O deputado federal Nikolas Ferreira (PL-MG) pode perder o mandato e até mesmo ser preso por ter sugerido e incentivado um ataque dos Estados Unidos ao Brasil e o sequestro do presidente Luiz Inácio Lula da Silva. É o que solicita uma representação protocolada neste domingo (4) junto à Procuradoria-Geral da República (PGR) pelo deputado federal Ivan Valente (PSOL-SP) e pelo ex-presidente do PSOL Juliano Medeiros.
No último sábado (3), após o governo dos Estados Unidos bombardear a Venezuela a sequestrar o presidente Nikolas Maduro, Nikolas fez uma série de publicações nas redes sociais celebrando a operação ilegal e, em uma delas, compartilhou uma montagem em que o presidente Luiz Inácio Lula da Silva é retratado sendo preso por militares dos EUA — a exemplo do sequestro de Maduro — e escreveu, como quem implora: “Ó Deus”.
Segundo Valente e Medeiros, ao sugerir um ataque militar dos EUA contra Brasil, Nikolas atenta contra a soberania nacional e contra o Estado Democrático de Direito, crimes previstos nos artigos 359-M e 359-I do Código Penal, com penas que podem chegar até 12 anos de prisão.
“É flagrante que Nikolas Ferreira têm insinuado apoio à eventual ingerência oriunda do poder de estado estadunidense contra a ordem institucional democrática (…) A conduta do Deputado Federal Nikolas Ferreira, ao estimular publicamente autoridades estrangeiras à insurgir-se contra o Chefe de Estado da República, revela-se frontalmente incompatível com os princípios constitucionais que estruturam o Estado Democrático de Direito e com a própria ordem penal vigente”, diz trecho da representação.

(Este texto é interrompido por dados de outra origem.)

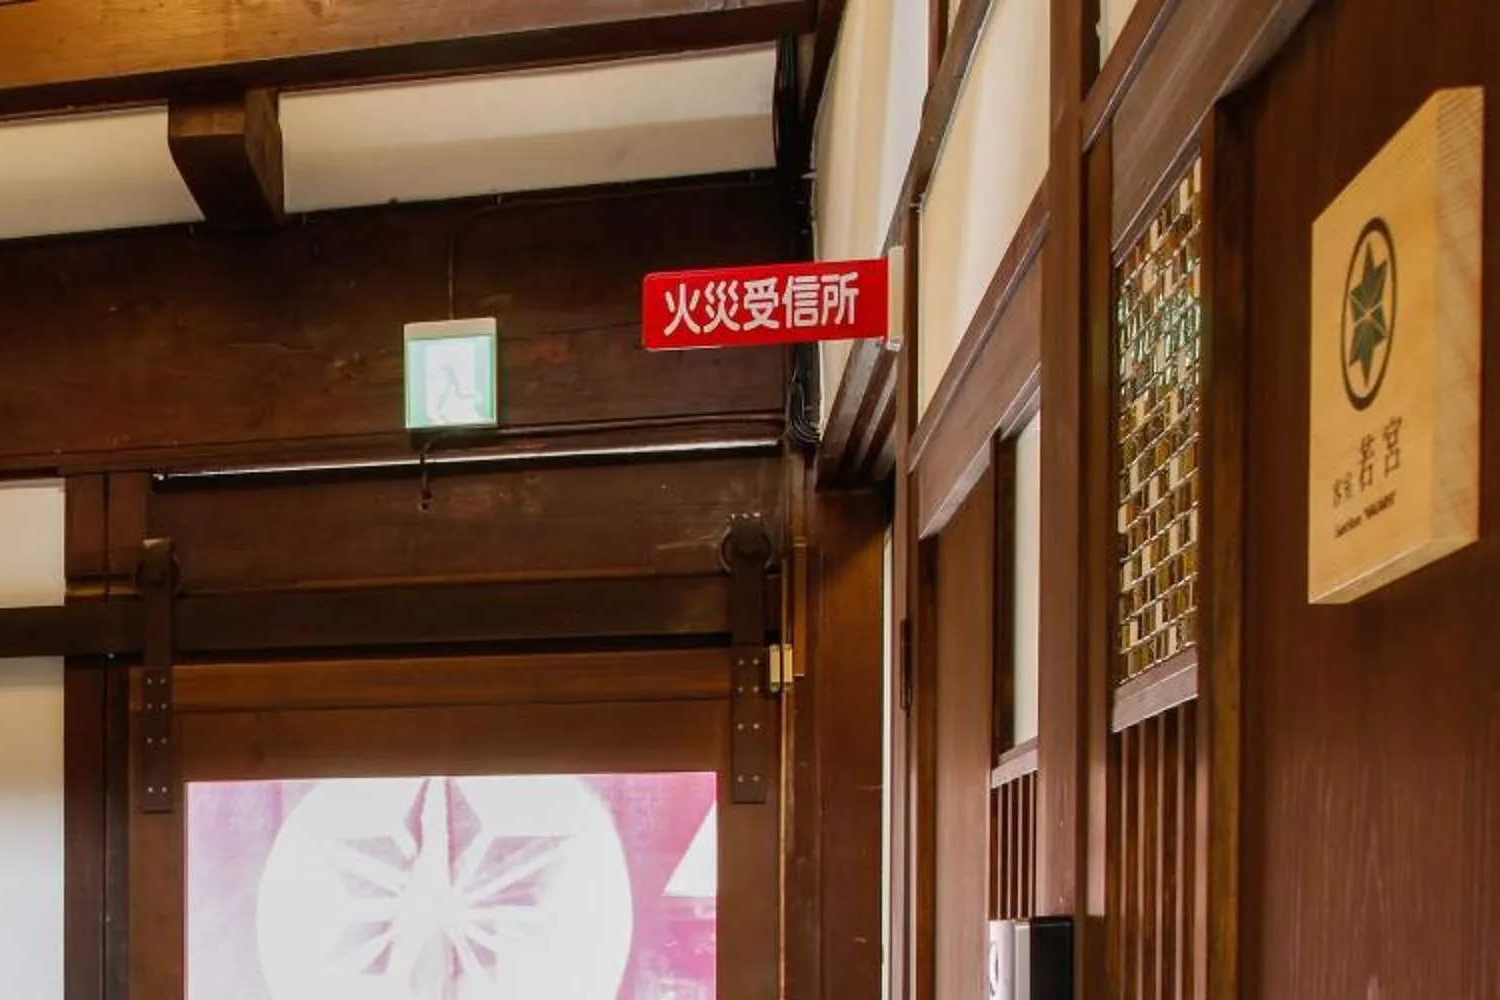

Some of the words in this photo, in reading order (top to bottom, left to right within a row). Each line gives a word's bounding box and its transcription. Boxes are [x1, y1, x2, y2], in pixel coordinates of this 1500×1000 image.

“Ao instar potências estrangeiras a adotar medidas punitivas contra agentes públicos brasileiros, o representado incorreu em manifesta tentativa de submeter a ordem constitucional a forças externas, violando diretamente esses preceitos fundamentais. A gravidade de sua fala não está apenas na ofensa retórica, mas sim no resultado prático e imediato de fragilizar a legitimidade das instituições nacionais perante a comunidade internacional, abrindo caminho para sanções e constrangimentos de autoridades do Estado brasileiro”, prosseguem Ivan Valente e Juliano Medeiros no documento enviado à PGR.